▶ _WHAT IS BEING ASKED_:
Leave the images out, and otherwise write out each entry exactly.

▶ _DATA PROVIDED_:
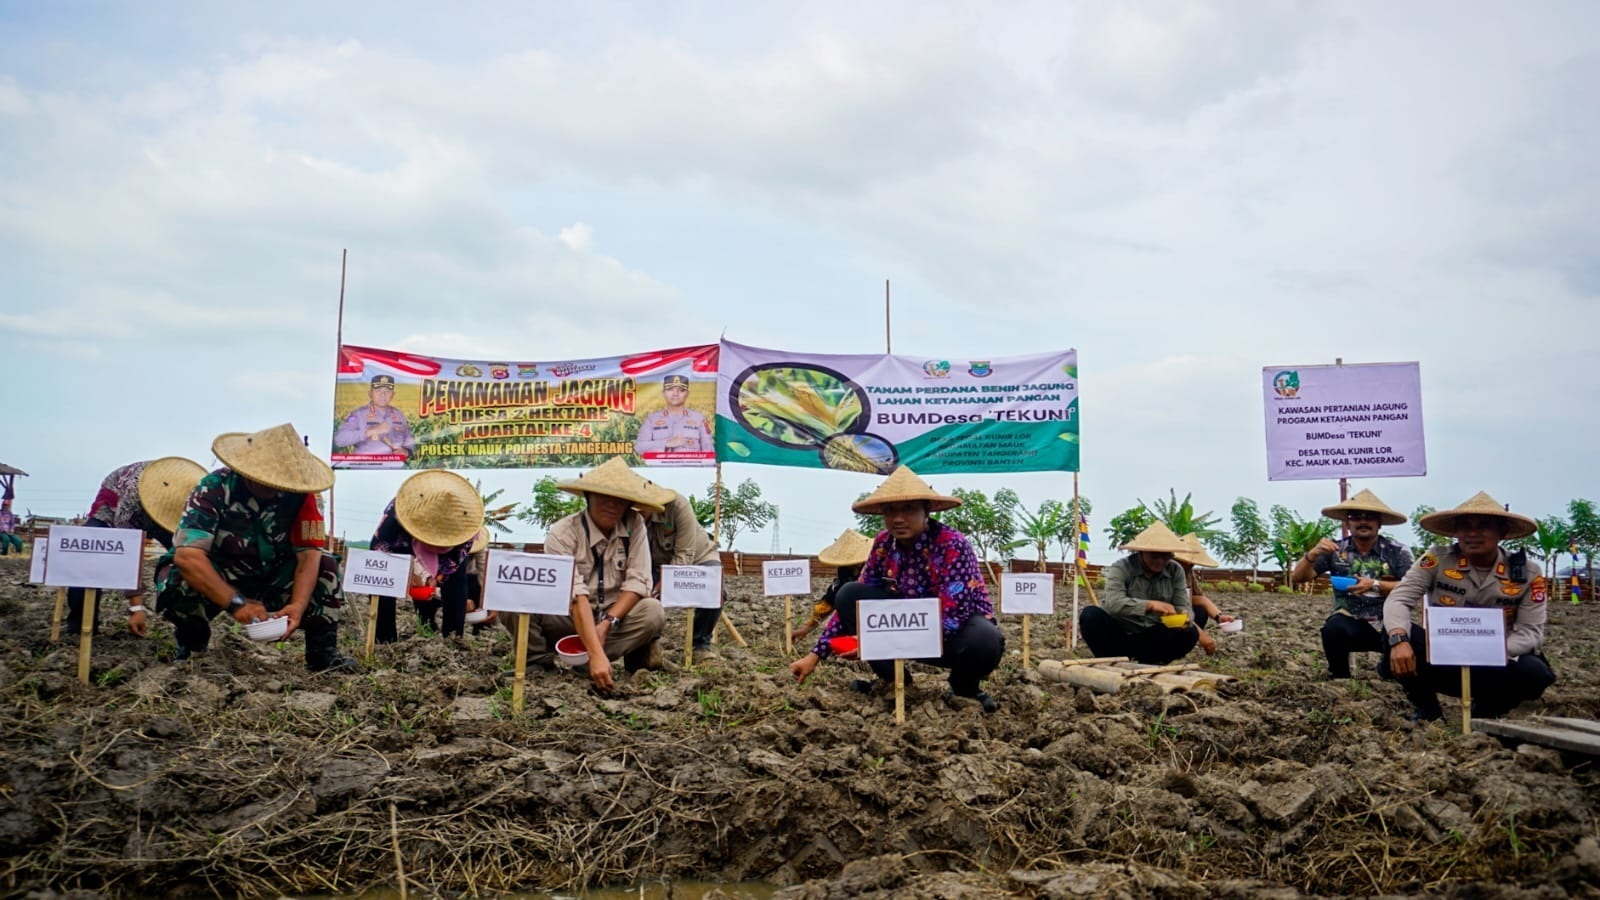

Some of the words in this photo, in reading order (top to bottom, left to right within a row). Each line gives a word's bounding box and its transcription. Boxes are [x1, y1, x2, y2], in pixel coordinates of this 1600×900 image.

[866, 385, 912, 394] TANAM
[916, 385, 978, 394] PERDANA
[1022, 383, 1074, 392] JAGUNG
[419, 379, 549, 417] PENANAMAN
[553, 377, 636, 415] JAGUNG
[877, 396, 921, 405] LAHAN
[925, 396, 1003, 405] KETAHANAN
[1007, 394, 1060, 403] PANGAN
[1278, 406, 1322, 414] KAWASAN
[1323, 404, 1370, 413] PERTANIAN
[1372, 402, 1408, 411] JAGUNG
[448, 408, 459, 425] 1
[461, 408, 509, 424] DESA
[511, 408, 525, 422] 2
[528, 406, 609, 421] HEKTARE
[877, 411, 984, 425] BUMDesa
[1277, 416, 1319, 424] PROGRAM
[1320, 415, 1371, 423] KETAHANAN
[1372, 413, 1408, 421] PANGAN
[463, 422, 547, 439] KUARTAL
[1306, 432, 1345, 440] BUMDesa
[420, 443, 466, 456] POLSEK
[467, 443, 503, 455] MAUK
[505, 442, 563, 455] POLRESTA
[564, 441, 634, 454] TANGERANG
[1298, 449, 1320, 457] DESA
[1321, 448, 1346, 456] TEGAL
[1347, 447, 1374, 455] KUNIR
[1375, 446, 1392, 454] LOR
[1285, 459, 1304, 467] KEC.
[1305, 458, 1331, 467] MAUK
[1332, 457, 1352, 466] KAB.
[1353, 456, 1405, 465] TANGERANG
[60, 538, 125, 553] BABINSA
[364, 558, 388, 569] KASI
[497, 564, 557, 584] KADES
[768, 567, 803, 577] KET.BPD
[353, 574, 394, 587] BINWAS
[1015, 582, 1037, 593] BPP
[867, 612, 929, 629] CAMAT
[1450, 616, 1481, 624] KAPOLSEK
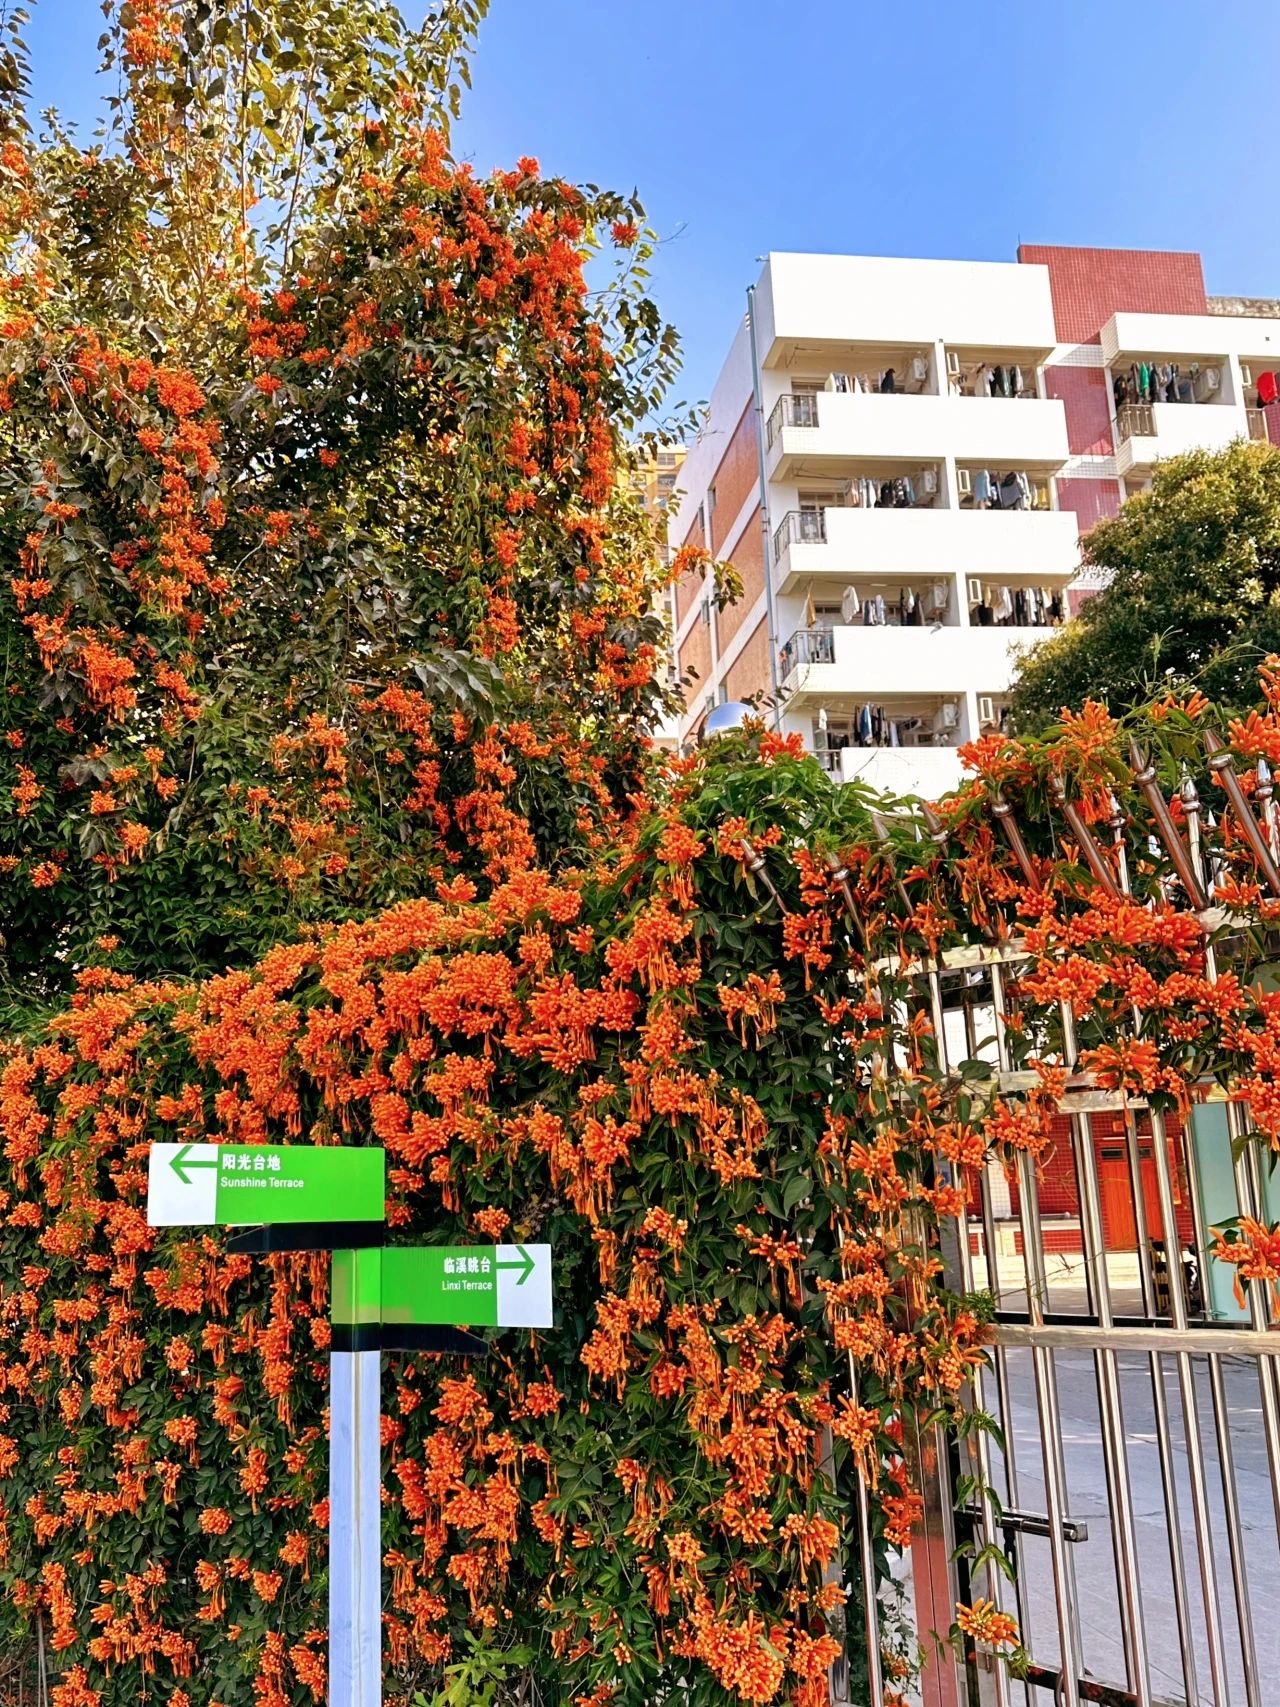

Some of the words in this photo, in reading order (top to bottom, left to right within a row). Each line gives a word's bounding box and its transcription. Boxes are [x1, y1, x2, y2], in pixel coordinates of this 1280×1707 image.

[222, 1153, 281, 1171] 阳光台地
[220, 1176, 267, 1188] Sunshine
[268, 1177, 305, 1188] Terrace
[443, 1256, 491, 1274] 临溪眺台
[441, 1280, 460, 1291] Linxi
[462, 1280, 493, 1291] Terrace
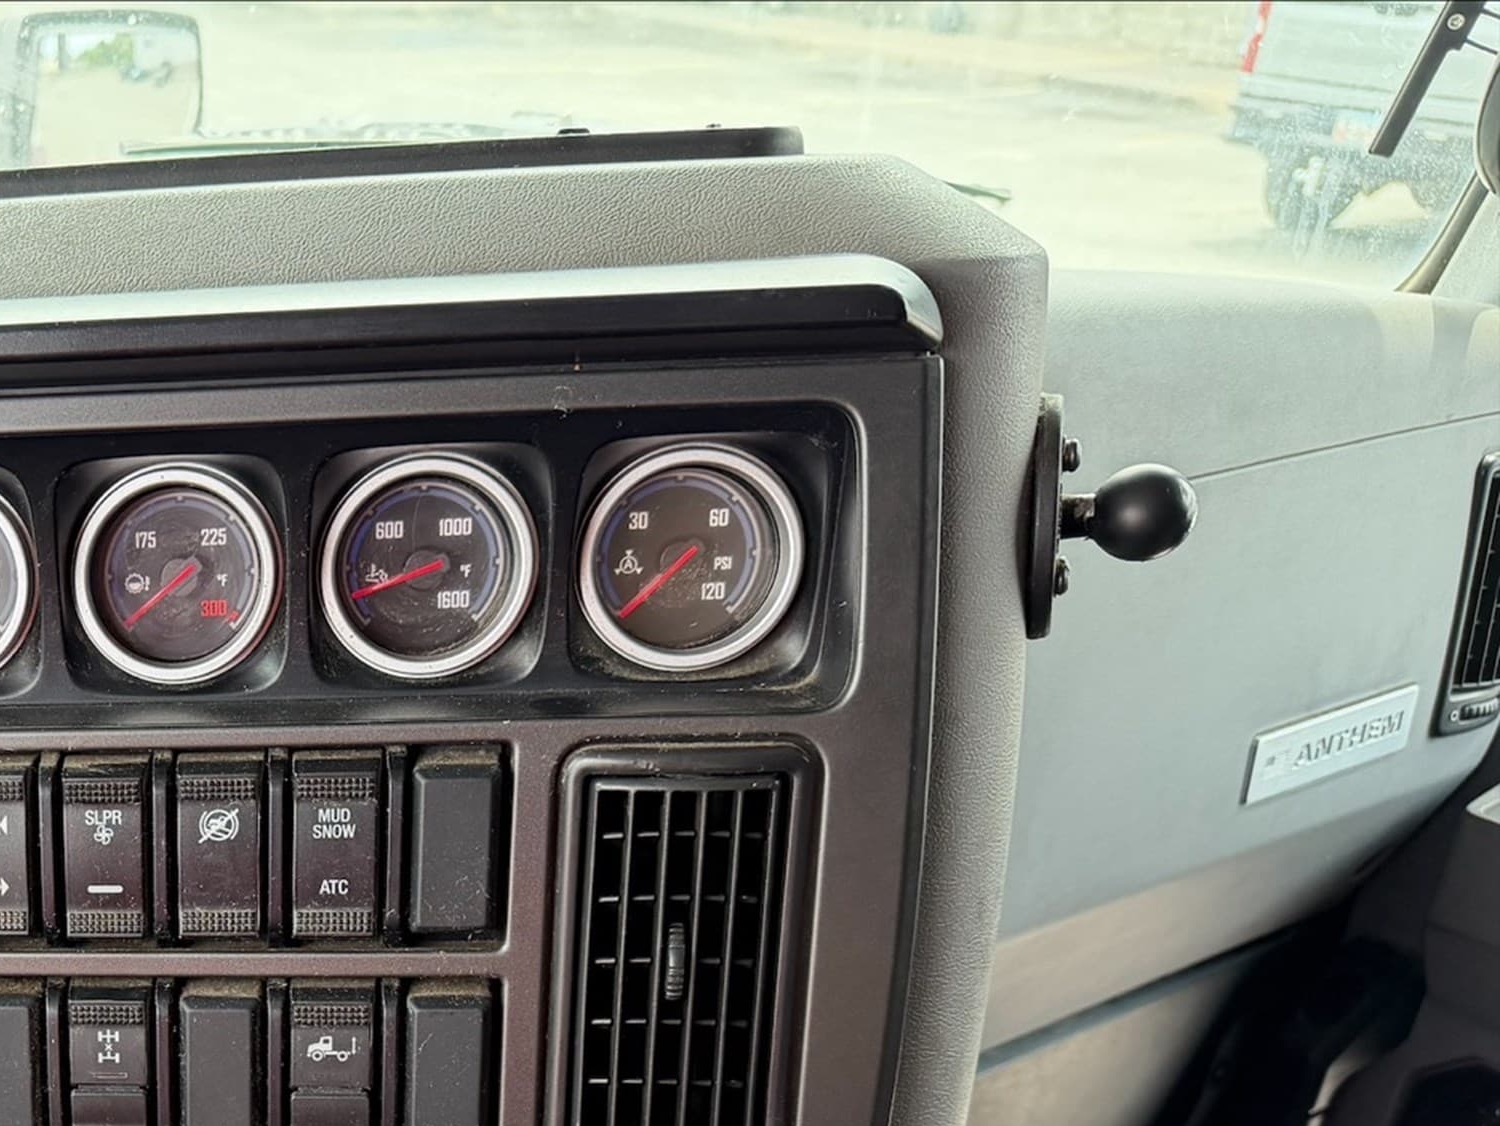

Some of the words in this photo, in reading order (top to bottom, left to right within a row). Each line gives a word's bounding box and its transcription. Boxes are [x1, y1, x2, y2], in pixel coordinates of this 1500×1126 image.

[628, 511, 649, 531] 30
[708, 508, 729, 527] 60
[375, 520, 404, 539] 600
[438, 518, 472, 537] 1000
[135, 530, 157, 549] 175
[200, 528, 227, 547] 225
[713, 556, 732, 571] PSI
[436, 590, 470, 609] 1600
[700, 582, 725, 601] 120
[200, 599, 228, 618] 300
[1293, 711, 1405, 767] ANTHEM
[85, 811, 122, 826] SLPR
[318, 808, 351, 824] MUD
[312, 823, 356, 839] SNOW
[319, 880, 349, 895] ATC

▶ _SOLVED EXERCISE_:
Some of the words in this photo, in reading order (top to bottom, left to right within a row). Each line gives a word's bounding box and its transcription. Boxes are [x1, y1, x2, y2], in pixel coordinates of this 1600×900 image.

[866, 385, 912, 394] TANAM
[916, 385, 978, 394] PERDANA
[1022, 383, 1074, 392] JAGUNG
[419, 379, 549, 417] PENANAMAN
[553, 377, 636, 415] JAGUNG
[877, 396, 921, 405] LAHAN
[925, 396, 1003, 405] KETAHANAN
[1007, 394, 1060, 403] PANGAN
[1278, 406, 1322, 414] KAWASAN
[1323, 404, 1370, 413] PERTANIAN
[1372, 402, 1408, 411] JAGUNG
[448, 408, 459, 425] 1
[461, 408, 509, 424] DESA
[511, 408, 525, 422] 2
[528, 406, 609, 421] HEKTARE
[877, 411, 984, 425] BUMDesa
[1277, 416, 1319, 424] PROGRAM
[1320, 415, 1371, 423] KETAHANAN
[1372, 413, 1408, 421] PANGAN
[463, 422, 547, 439] KUARTAL
[1306, 432, 1345, 440] BUMDesa
[420, 443, 466, 456] POLSEK
[467, 443, 503, 455] MAUK
[505, 442, 563, 455] POLRESTA
[564, 441, 634, 454] TANGERANG
[1298, 449, 1320, 457] DESA
[1321, 448, 1346, 456] TEGAL
[1347, 447, 1374, 455] KUNIR
[1375, 446, 1392, 454] LOR
[1285, 459, 1304, 467] KEC.
[1305, 458, 1331, 467] MAUK
[1332, 457, 1352, 466] KAB.
[1353, 456, 1405, 465] TANGERANG
[60, 538, 125, 553] BABINSA
[364, 558, 388, 569] KASI
[497, 564, 557, 584] KADES
[768, 567, 803, 577] KET.BPD
[353, 574, 394, 587] BINWAS
[1015, 582, 1037, 593] BPP
[867, 612, 929, 629] CAMAT
[1450, 616, 1481, 624] KAPOLSEK

Some of the words in this photo, in reading order (top to bottom, left to right within a row). Each line gives a word's bounding box and its transcription. Boxes are [x1, y1, x2, y2], in pixel coordinates of this 1280×1707 image.

[222, 1153, 281, 1171] 阳光台地
[220, 1176, 267, 1188] Sunshine
[268, 1177, 305, 1188] Terrace
[443, 1256, 491, 1274] 临溪眺台
[441, 1280, 460, 1291] Linxi
[462, 1280, 493, 1291] Terrace

Some of the words in this photo, in reading order (top to bottom, left to right within a row). Each line gives a word's bounding box and its transcription. Boxes are [x1, y1, x2, y2], in pixel coordinates of this 1500×1126 image.

[628, 511, 649, 531] 30
[708, 508, 729, 527] 60
[375, 520, 404, 539] 600
[438, 518, 472, 537] 1000
[135, 530, 157, 549] 175
[200, 528, 227, 547] 225
[713, 556, 732, 571] PSI
[436, 590, 470, 609] 1600
[700, 582, 725, 601] 120
[200, 599, 228, 618] 300
[1293, 711, 1405, 767] ANTHEM
[85, 811, 122, 826] SLPR
[318, 808, 351, 824] MUD
[312, 823, 356, 839] SNOW
[319, 880, 349, 895] ATC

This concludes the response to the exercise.